Start of RECORDS FOR THIS TASK

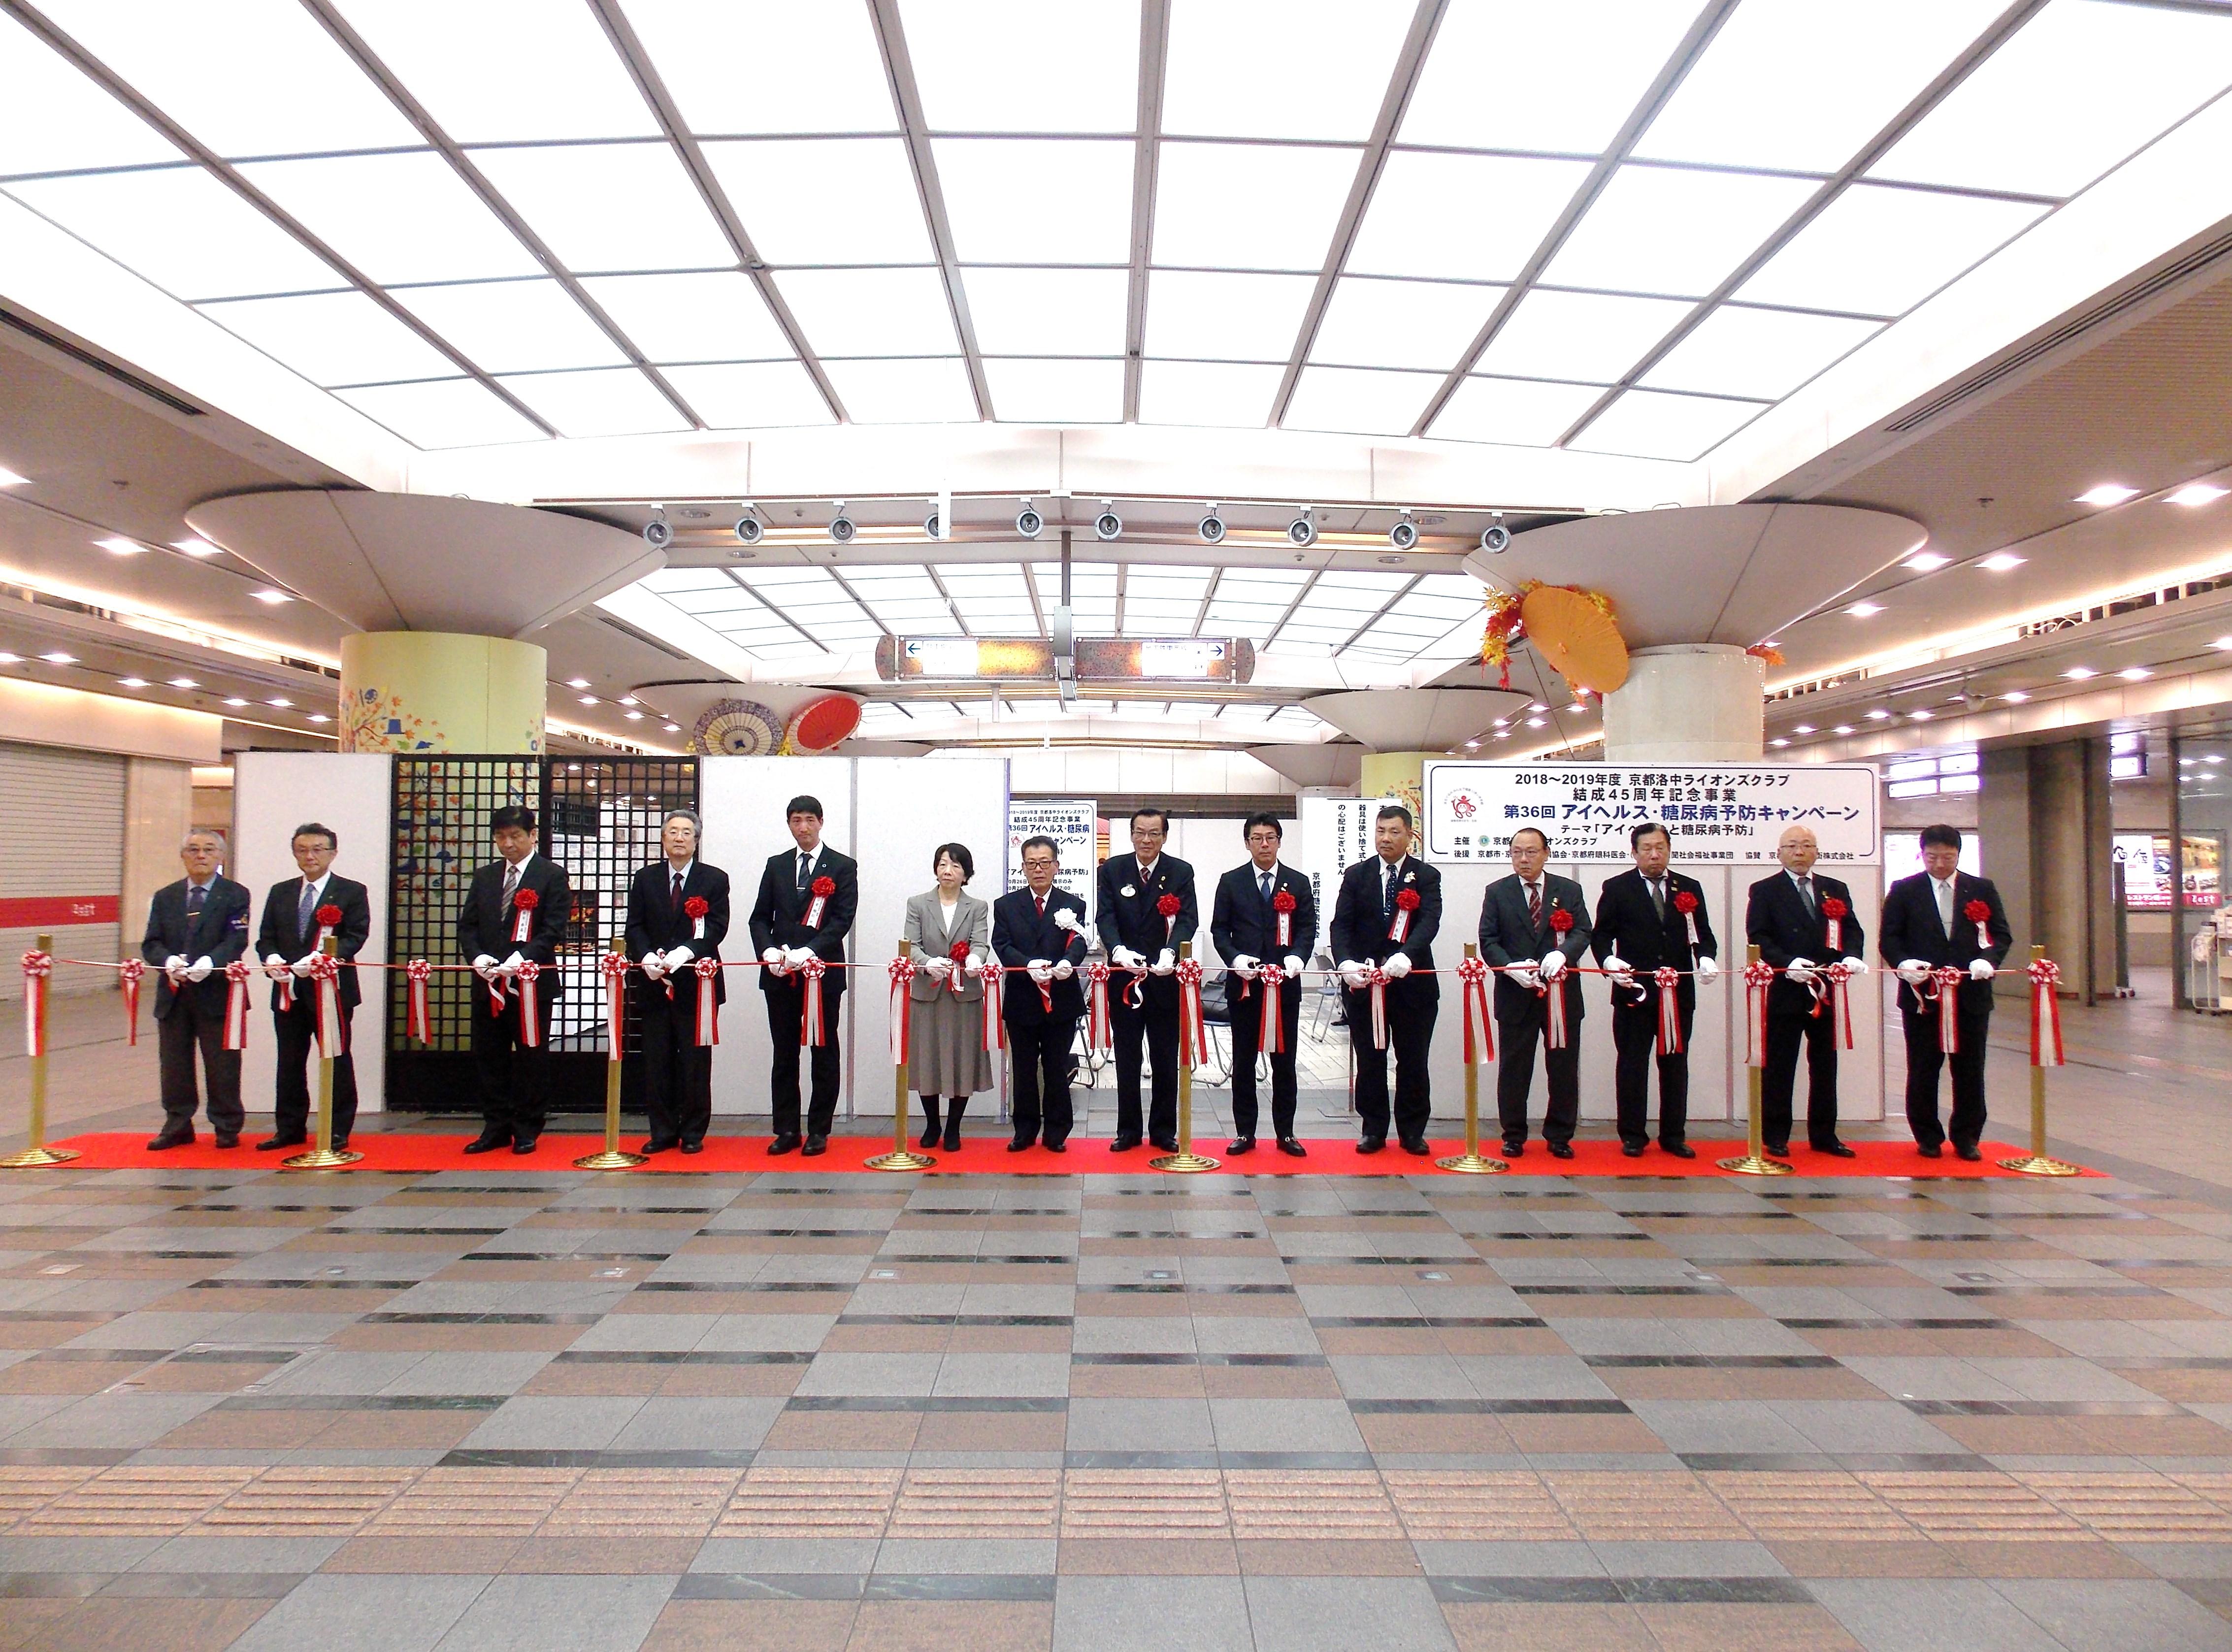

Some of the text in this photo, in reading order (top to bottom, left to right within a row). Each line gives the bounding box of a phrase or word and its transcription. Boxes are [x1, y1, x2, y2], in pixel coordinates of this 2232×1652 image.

[1629, 773, 1790, 787] 京都洛中ライオンズクラブ
[1573, 788, 1736, 802] 結成45周年記念事業
[1504, 804, 1859, 821] 第36回 アイヘルス・糖尿病予防キャンペーン
[1029, 824, 1089, 833] アイヘルス・糖尿病
[1338, 804, 1346, 875] の心配はございません
[1493, 837, 1598, 845] 京都オンズクラブ

End of RECORDS FOR THIS TASK

The entries above need to be transcribed exactly, with the images left out.

#### RESPONSE TO THE TASK
Some of the text in this photo, in reading order (top to bottom, left to right within a row). Each line gives the bounding box of a phrase or word and its transcription. Boxes are [x1, y1, x2, y2], in pixel coordinates of this 2232×1652 image.

[1629, 773, 1790, 787] 京都洛中ライオンズクラブ
[1573, 788, 1736, 802] 結成45周年記念事業
[1504, 804, 1859, 821] 第36回 アイヘルス・糖尿病予防キャンペーン
[1029, 824, 1089, 833] アイヘルス・糖尿病
[1338, 804, 1346, 875] の心配はございません
[1493, 837, 1598, 845] 京都オンズクラブ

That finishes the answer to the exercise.